Home

Friday, November 27, 2015

Cerise asks, Is Mr. Darcy rich with 10,000 pounds a year income?

Darcy fans ask the burning question: How well would Lizzie Bennet really live after she married Mr. Darcy?

That leading statement that he had “ten thousand a year” sounds rich…but it’s enlightening to learn the facts.

To help you savor the possibilities of stepping into Lizzie’s shoes, I found a wonderful website that translates previous years’ British pounds into current British pounds. So for this Black Friday and your titilation, here’s a sample of the real cost of living for Mr. Darcy and his bride. I’ve added as examples the cost of a hired carriage ride, a girl's boarding school education, a few dresses and hats, a dinner party a month and a ball. The cost of paying his servants’ salaries is included in a percent recommended for expenses based on one's annual income. (Yes, all costs are those I took from original sources or experts of the period, give or take a few years on the publication date of Jane’s PRIDE AND PREJUDICE which is 1813.)

A London carriage ride, hired hackney, 1-2 miles
(ex: Charing Cross to Hyde Park Corner)                                          1-2 pounds

Ladies hat, chip straw                                                                        18 pounds
Trim: Ex: Lace trim, 6 shillings per yard

Gown: Fine India Muslin, white, 13 per yard*                               39-65 pounds
(3-5 needed for full length dress)
*Sewing extra
(Alternate fabric: chintz 7-8 pounds per yard)

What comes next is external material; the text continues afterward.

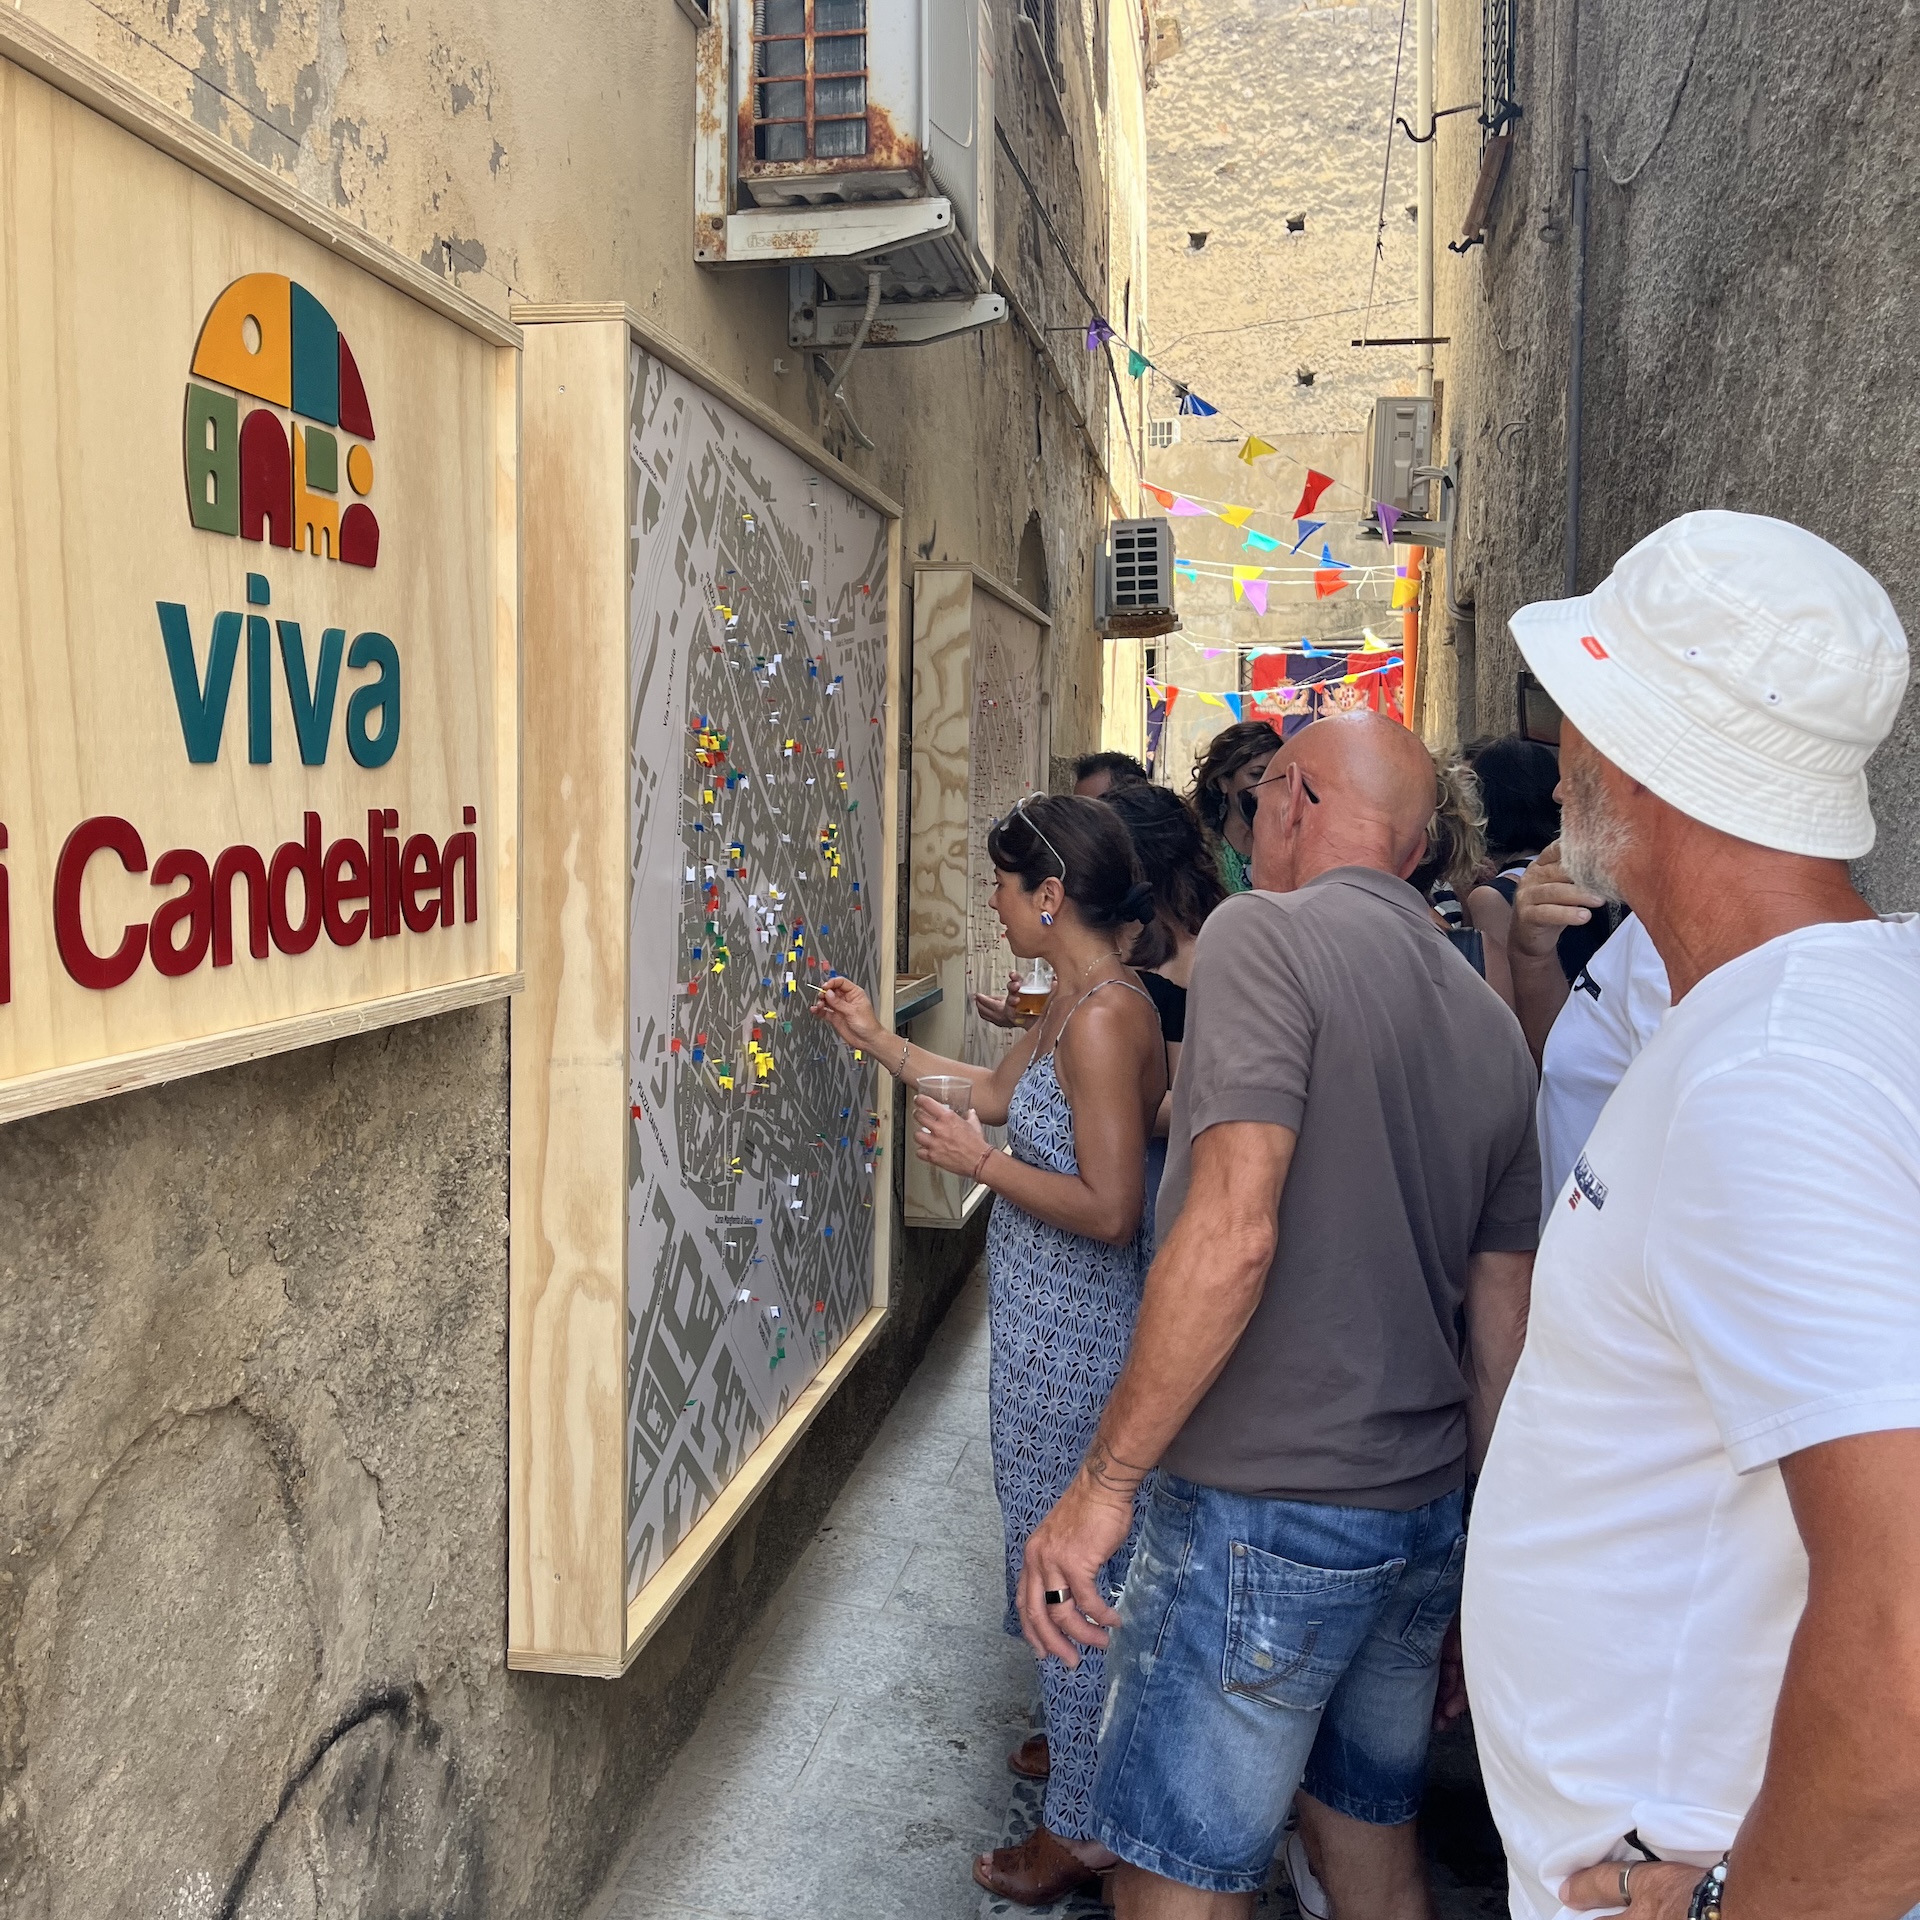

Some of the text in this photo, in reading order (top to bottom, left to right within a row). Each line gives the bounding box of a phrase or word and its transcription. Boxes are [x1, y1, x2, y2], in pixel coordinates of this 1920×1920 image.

Dinner party, food and wine, for 16-20                                              20 pounds
Dinner for family of 4, 3-4 courses                                                       5 pounds 

To educate (a daughter) at boarding school, including
Transportation to, from                                                                        43 per year

Recommended expenditure for running complete household:
33% of all income should go to household expenses                                       3300
20% to servants’ salaries, equipage (i.e. horse, carriage)                                 2000
TOTAL:                                                                                                           5300

So, let’s do the math!
Darcy has income of 10,000 pounds a year.
To run his country home, he spends 55% a year of 10,000 =  5300. pounds

He gives one dinner party a month x 12  = 240.
1 ball for 100 = (equivalent of 5 dinners) = 200
Total entertainment of others per year     =                                     440.

5 new dresses for his wife, Lizzie =        65 x 5= 325
5 new hats for Lizzie,                              18 x 5=   90
Total for Lizzie:                                                                                    415.

What remains for him to expense:
·      Clothing for himself, rest of family
·      Education for children
·      Books, entertainment, etc.
·      His club dues, social responsibilities
·      Etc.
And of course, the total to run his London townhouse is not listed here. That amount would be approximate to that of running his country estate. So add another 5300 pounds to his annual expenses as a gentleman.

And by that rule of thumb alone, he would already be in debt by several thousand pounds.

And what does 10,000 pounds in 1813 equal in British pounds today?
638,000 pounds
Converting that into American dollars at today’s inflation rate, we get
$1,329,000.90
Darcy is a millionaire. But if he’s running two households, I hate to say this, he’s in financial trouble.
A few who are not in trouble, are the men in my Regencies! Please pick one up, will you? They have rather good reviews and I'm awfully proud of them.
Here's my website for a list: http://cerisedeland.com
MASQUERADE is #3 in my Regency Romp series, debuting soon!

Amazon
Amazon


3 comments:

Tina Donahue said...

Fascinating post, Cerise. Loved it. :)

Cerise DeLand said...

Thanks, Tina. I thought the comparison intriguingly!

jean hart stewart said...

Intriquing...I love it. A fascinating post. Can't help but wonder why a lady's hat almost equals a dinner party. Doesn't make sense to me.